EXERCISE AIM: Images in the records should be skipped while the rest is transcribed verbatim.

__________

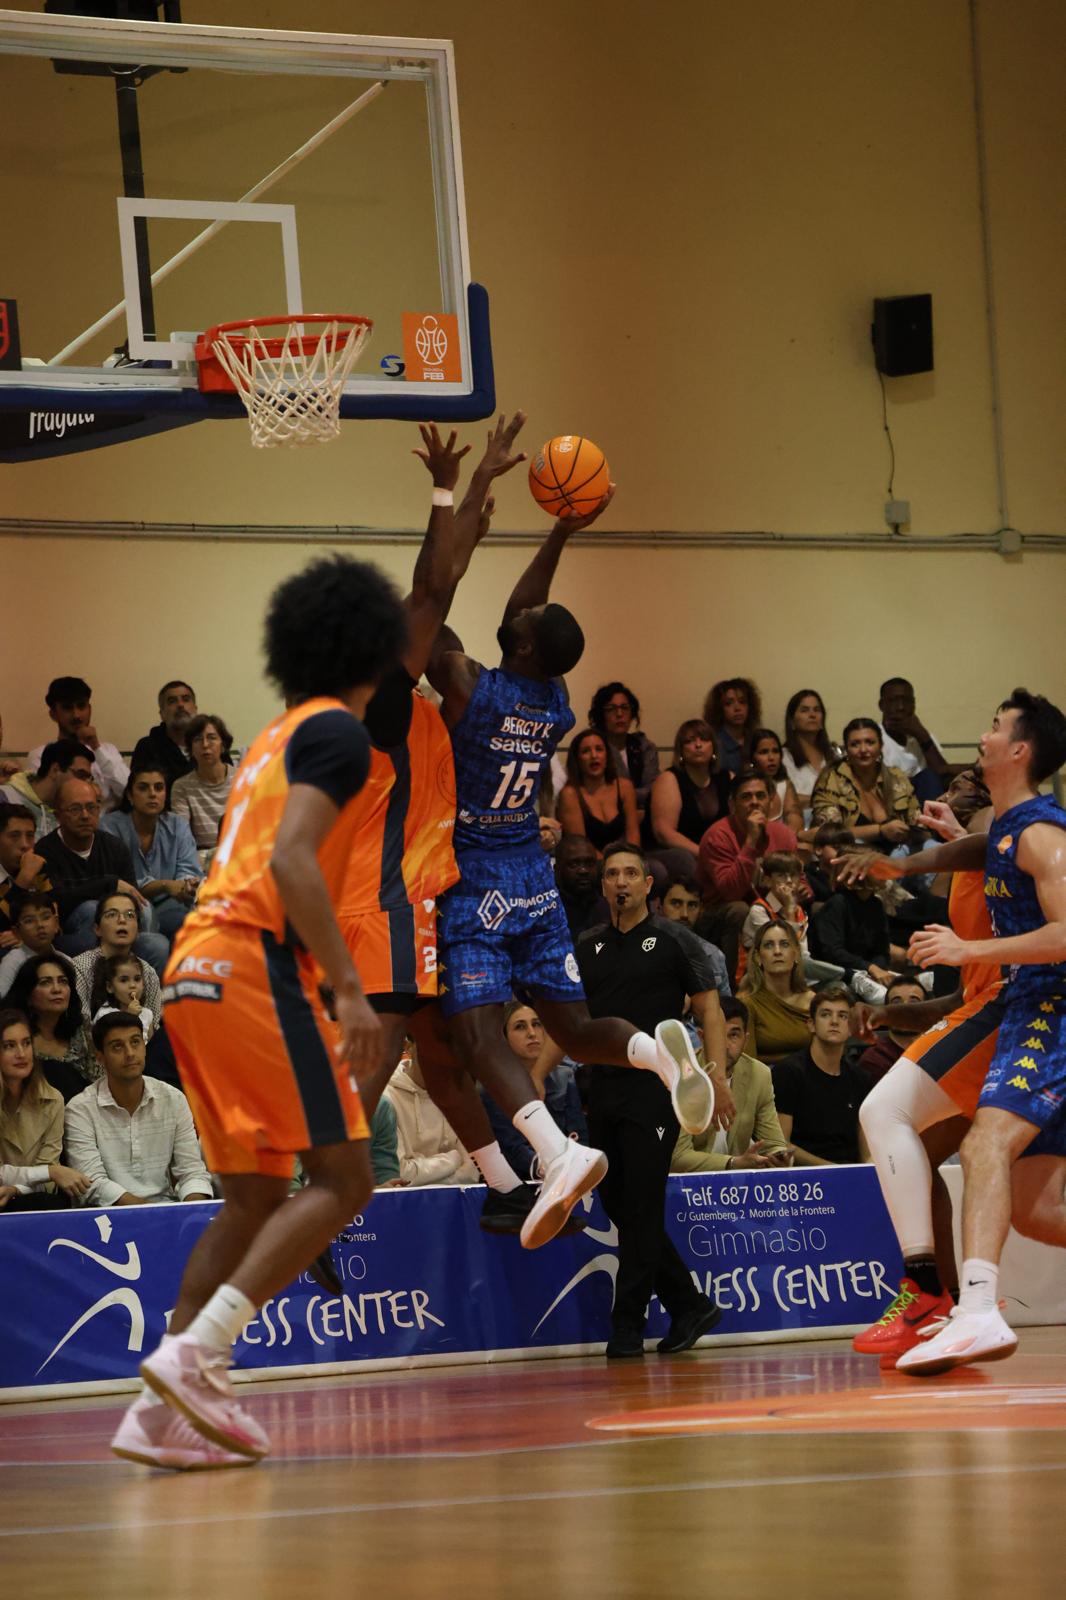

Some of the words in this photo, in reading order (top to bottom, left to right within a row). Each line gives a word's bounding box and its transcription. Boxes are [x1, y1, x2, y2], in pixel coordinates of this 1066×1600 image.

[424, 372, 444, 380] FEB
[490, 760, 540, 809] 15
[682, 1185, 717, 1207] Telf.
[720, 1186, 749, 1205] 687
[754, 1184, 775, 1204] 02
[779, 1183, 799, 1202] 88
[803, 1182, 823, 1201] 26
[676, 1211, 687, 1222] C/
[689, 1210, 738, 1222] Gutemberg,
[739, 1210, 746, 1219] 2
[749, 1207, 777, 1218] Morón
[778, 1207, 790, 1217] de
[791, 1206, 799, 1216] la
[800, 1206, 836, 1216] Frontera
[688, 1220, 827, 1257] Gimnasio
[772, 1261, 899, 1312] CENTER
[306, 1290, 445, 1345] CENTER
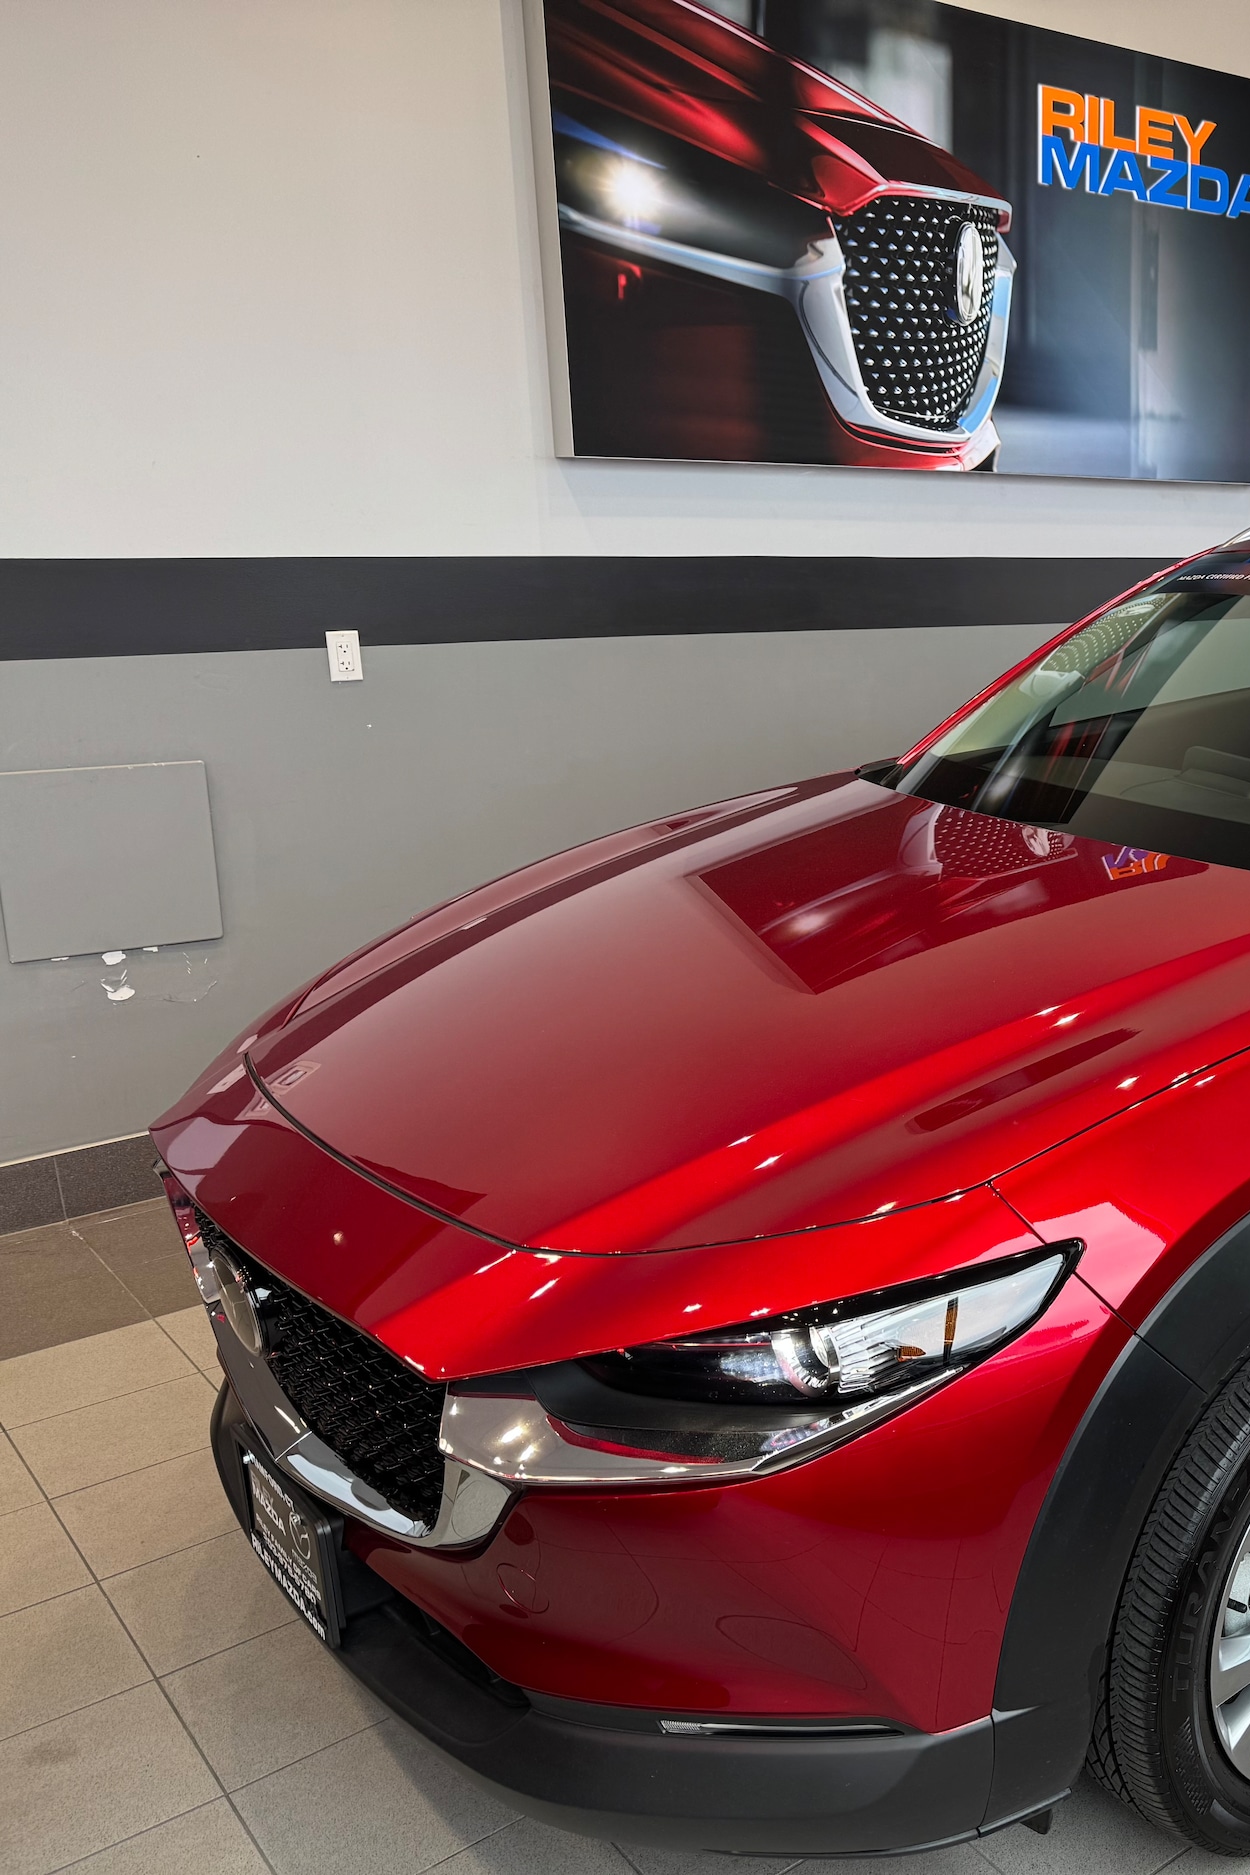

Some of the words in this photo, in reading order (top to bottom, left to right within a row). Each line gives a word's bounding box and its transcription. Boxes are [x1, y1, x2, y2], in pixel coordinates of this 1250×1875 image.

[1038, 83, 1217, 166] RILEY
[251, 1480, 286, 1536] MAZDA
[251, 1532, 326, 1641] RILEYMAZDA.com
[302, 1573, 321, 1601] CARS
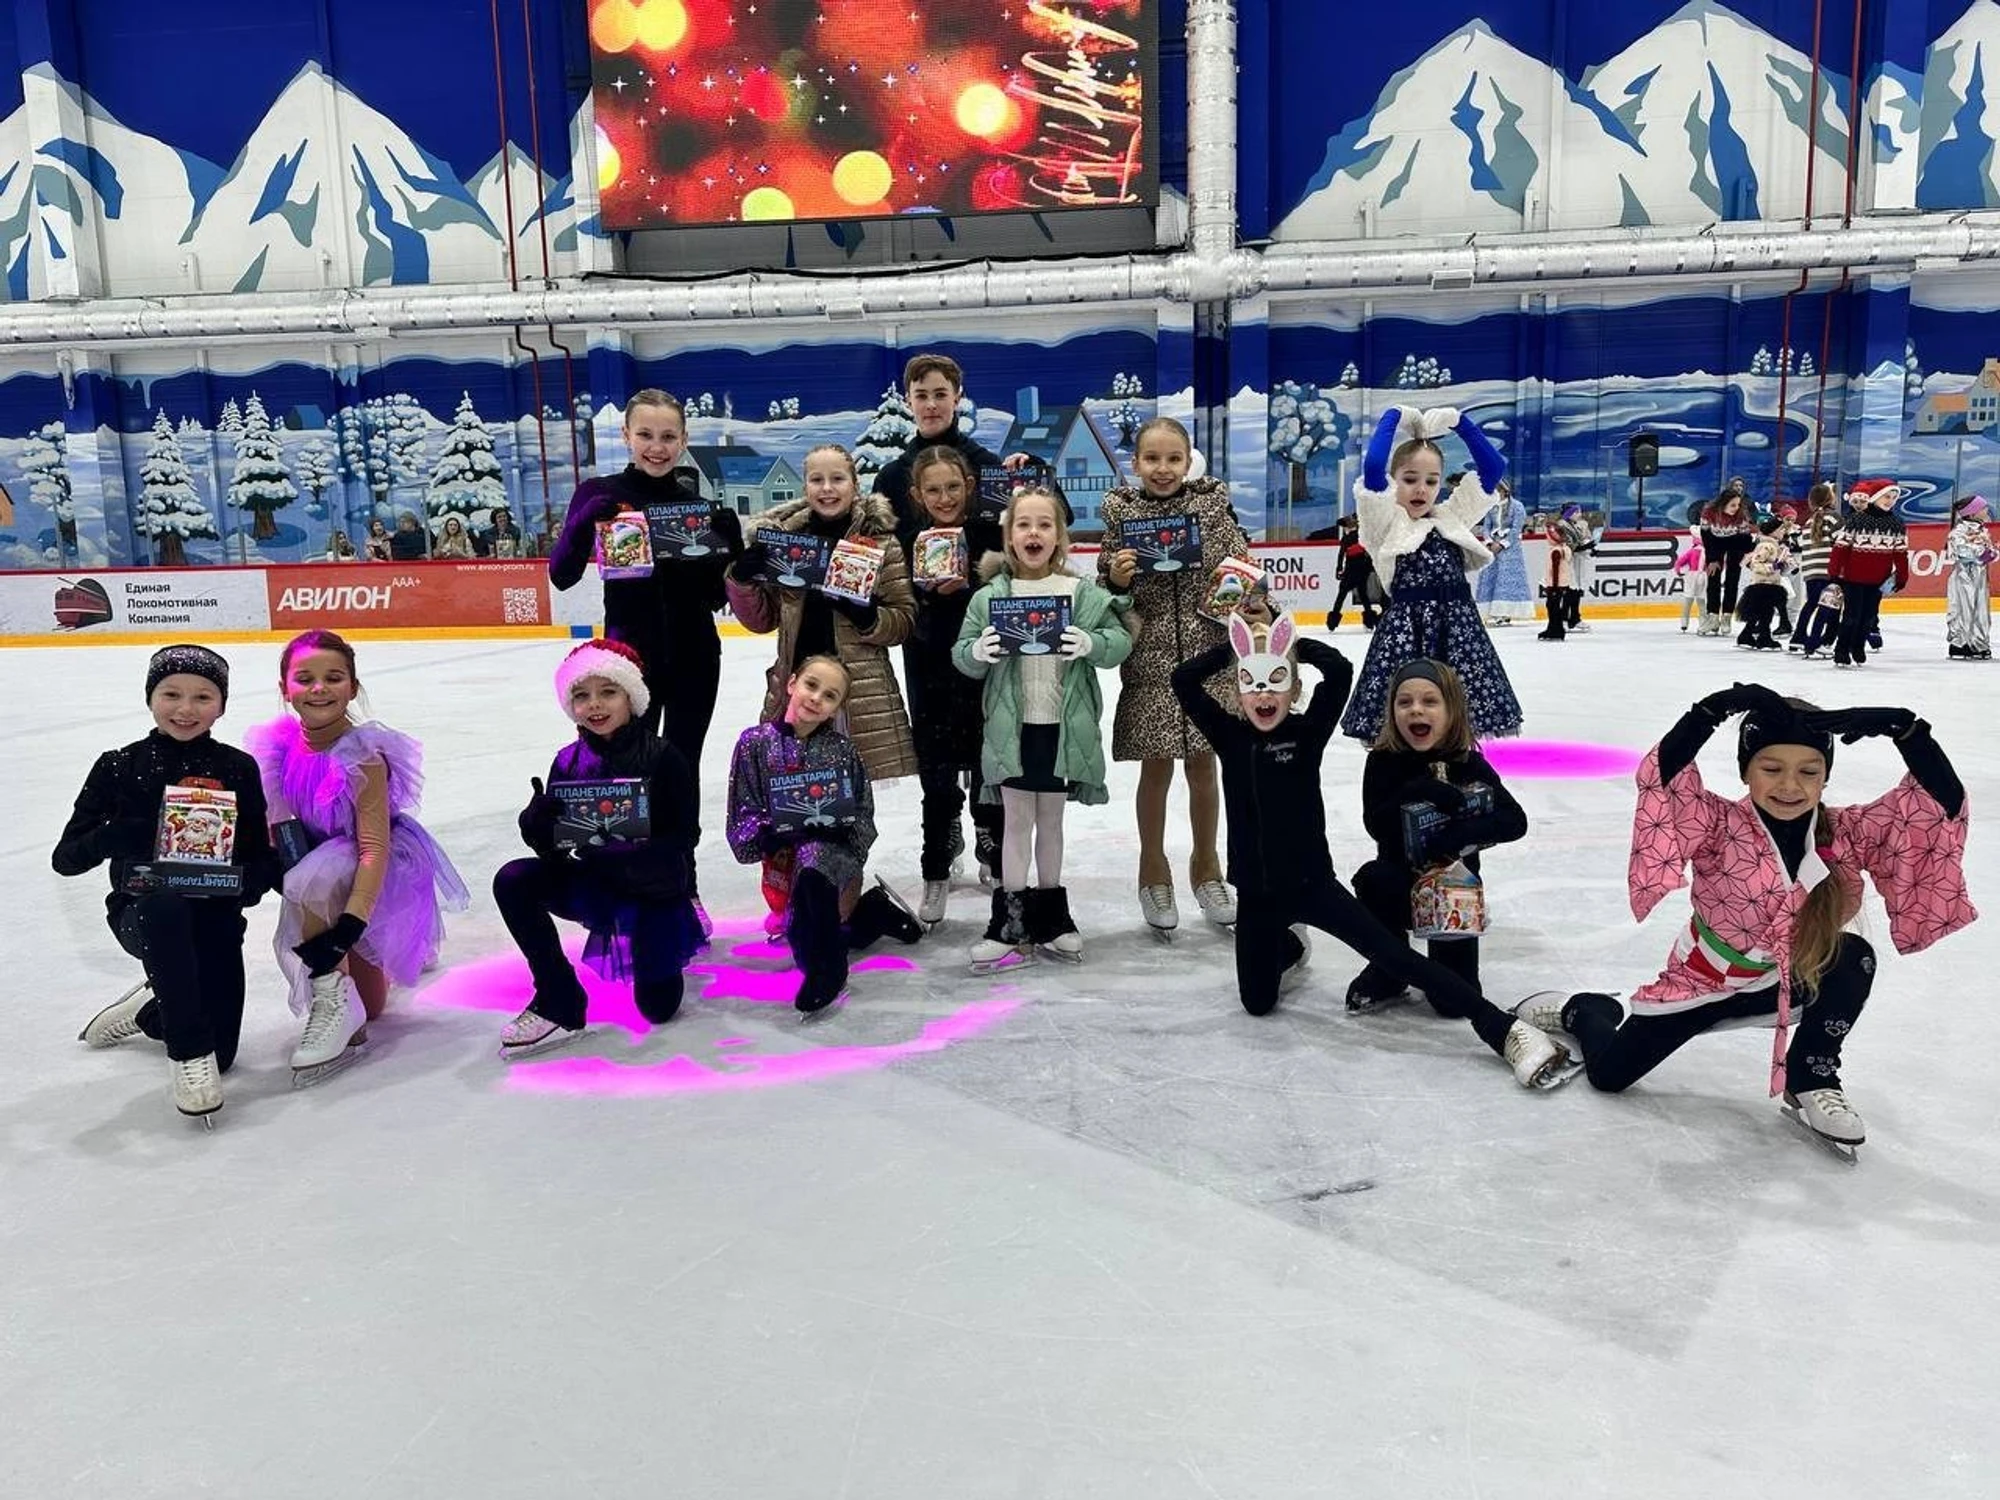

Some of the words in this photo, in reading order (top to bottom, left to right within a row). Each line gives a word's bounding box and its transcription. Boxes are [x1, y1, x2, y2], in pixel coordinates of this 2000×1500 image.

[648, 501, 711, 516] ПЛАНЕТАРИЙ
[1123, 515, 1186, 532] ПЛАНЕТАРИЙ
[757, 529, 818, 547] ПЛАНЕТАРИЙ
[125, 583, 171, 594] Единая
[127, 598, 218, 609] Локомотивная
[276, 586, 391, 611] АВИЛОН
[991, 597, 1056, 610] ПЛАНЕТАРИЙ
[128, 613, 191, 624] Компания
[770, 768, 837, 787] ПЛАНЕТАРИЙ
[554, 783, 632, 798] ПЛАНЕТАРИЙ

__________

RESPONSE FOR THIS EXERCISE:
Some of the words in this photo, in reading order (top to bottom, left to right within a row). Each line gives a word's bounding box and its transcription. Boxes are [x1, y1, x2, y2], in pixel coordinates of this 1066×1600 image.

[424, 372, 444, 380] FEB
[490, 760, 540, 809] 15
[682, 1185, 717, 1207] Telf.
[720, 1186, 749, 1205] 687
[754, 1184, 775, 1204] 02
[779, 1183, 799, 1202] 88
[803, 1182, 823, 1201] 26
[676, 1211, 687, 1222] C/
[689, 1210, 738, 1222] Gutemberg,
[739, 1210, 746, 1219] 2
[749, 1207, 777, 1218] Morón
[778, 1207, 790, 1217] de
[791, 1206, 799, 1216] la
[800, 1206, 836, 1216] Frontera
[688, 1220, 827, 1257] Gimnasio
[772, 1261, 899, 1312] CENTER
[306, 1290, 445, 1345] CENTER

Some of the words in this photo, in reading order (top to bottom, left to right within a row). Each line gives a word's bounding box and its transcription. Boxes are [x1, y1, x2, y2], in pixel coordinates of this 1250×1875 image.

[1038, 83, 1217, 166] RILEY
[251, 1480, 286, 1536] MAZDA
[251, 1532, 326, 1641] RILEYMAZDA.com
[302, 1573, 321, 1601] CARS

Some of the words in this photo, in reading order (top to bottom, left to right within a row). Each line gives a word's bounding box and its transcription. Boxes are [x1, y1, x2, y2], in pixel coordinates of this 2000×1500 image.

[648, 501, 711, 516] ПЛАНЕТАРИЙ
[1123, 515, 1186, 532] ПЛАНЕТАРИЙ
[757, 529, 818, 547] ПЛАНЕТАРИЙ
[125, 583, 171, 594] Единая
[127, 598, 218, 609] Локомотивная
[276, 586, 391, 611] АВИЛОН
[991, 597, 1056, 610] ПЛАНЕТАРИЙ
[128, 613, 191, 624] Компания
[770, 768, 837, 787] ПЛАНЕТАРИЙ
[554, 783, 632, 798] ПЛАНЕТАРИЙ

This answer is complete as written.